→ About this exercise
Where an entry below contains an image, skip the image and reproduce the rest exactly.

→ Referring expression grounding data
┏━━
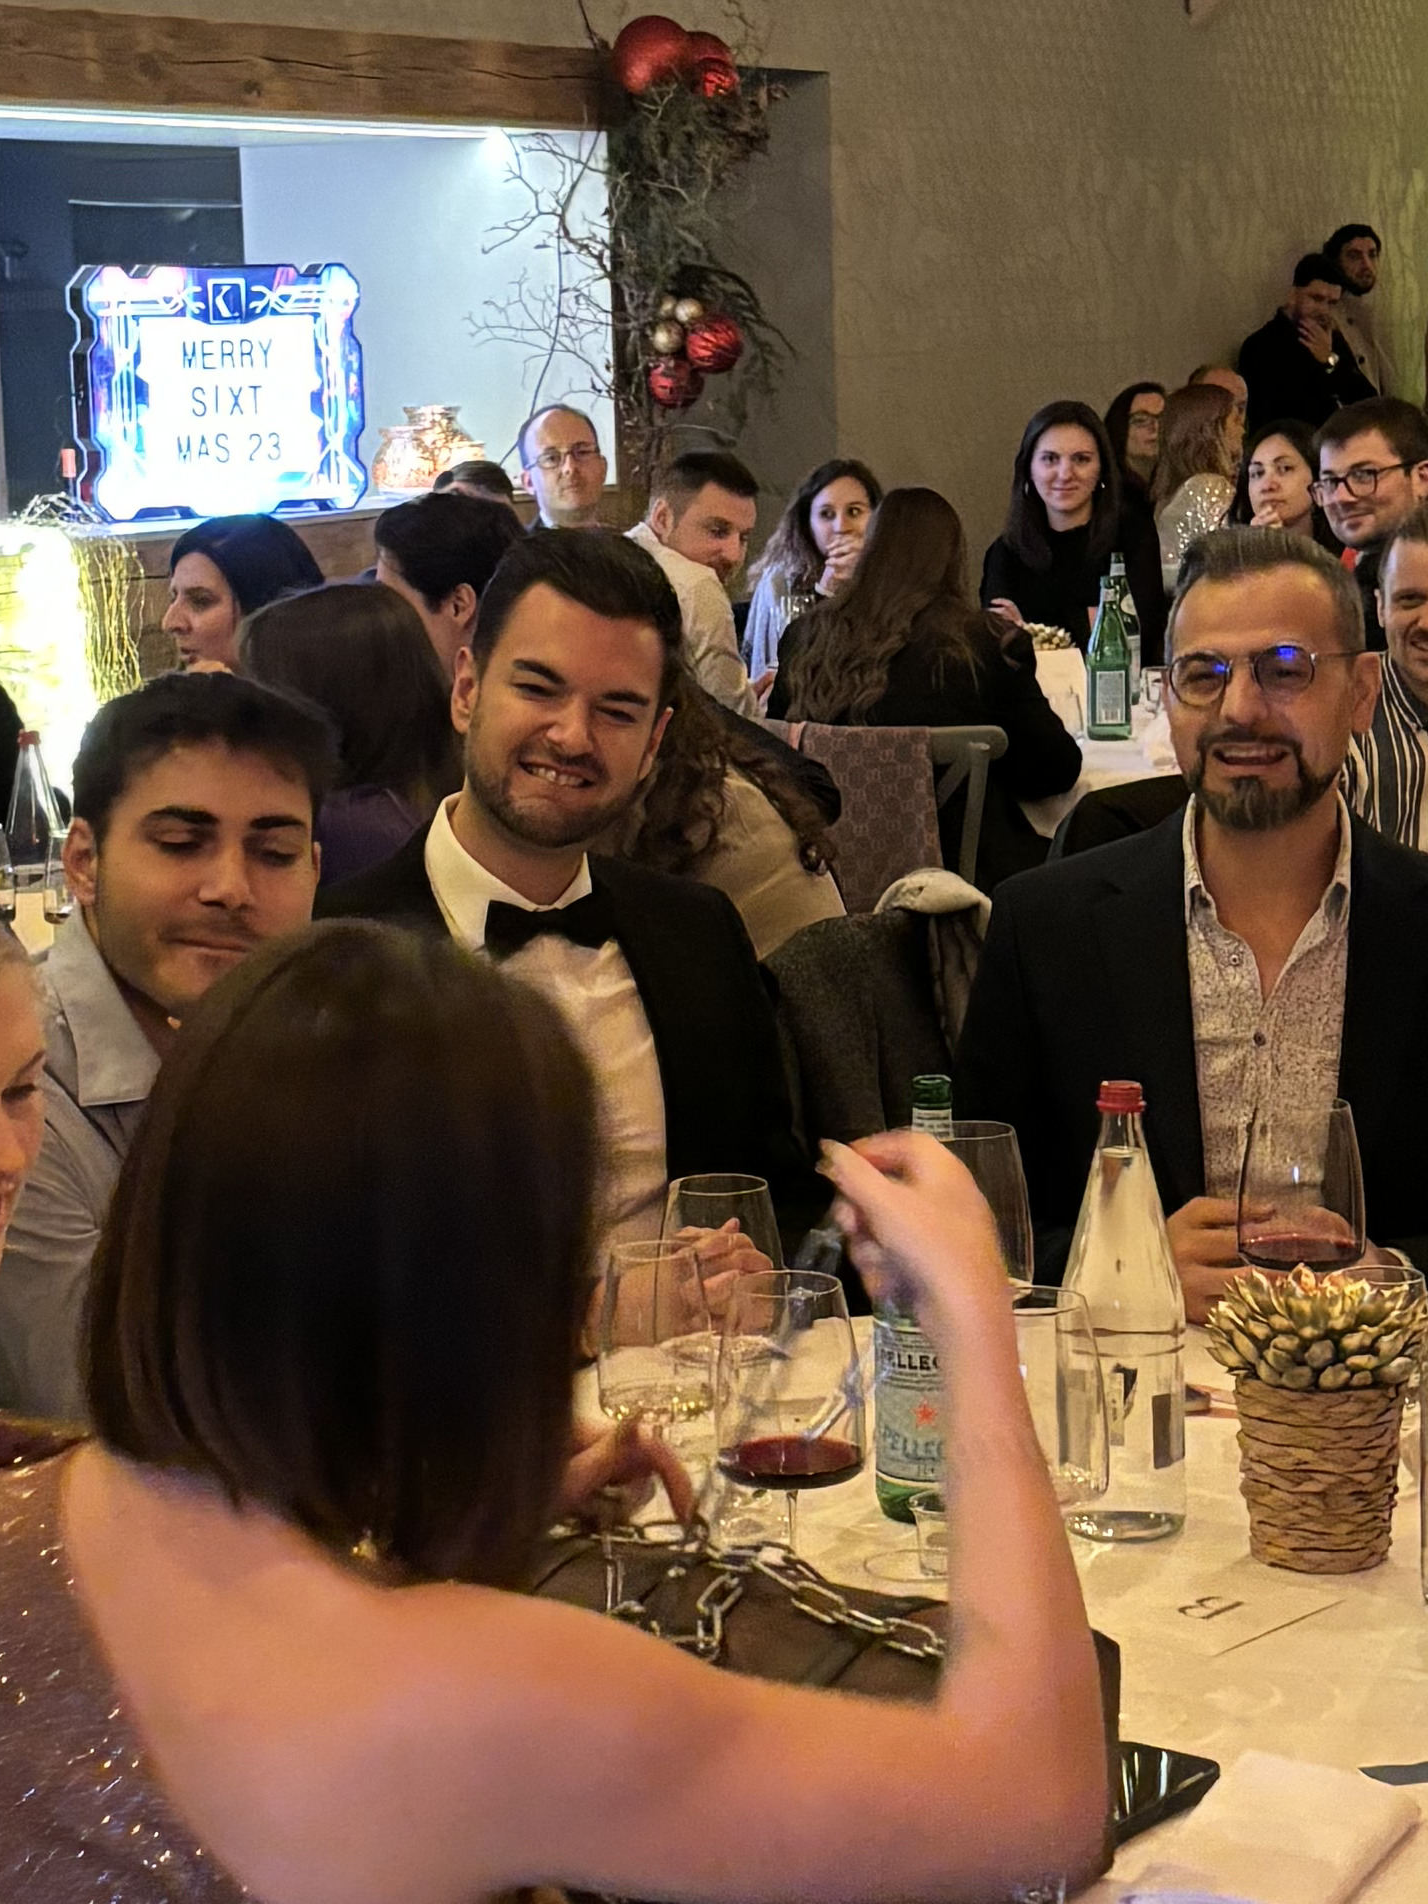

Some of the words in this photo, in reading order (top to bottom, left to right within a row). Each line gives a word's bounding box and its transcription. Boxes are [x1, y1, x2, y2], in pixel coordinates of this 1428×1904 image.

[181, 339, 273, 370] MERRY
[191, 385, 263, 417] SIXT
[176, 433, 231, 463] MAS
[248, 432, 282, 462] 23
┗━━
→ Finished exercise
Some of the words in this photo, in reading order (top to bottom, left to right within a row). Each line gives a word's bounding box and its transcription. Boxes are [x1, y1, x2, y2], in pixel coordinates of this 1428×1904 image.

[181, 339, 273, 370] MERRY
[191, 385, 263, 417] SIXT
[176, 433, 231, 463] MAS
[248, 432, 282, 462] 23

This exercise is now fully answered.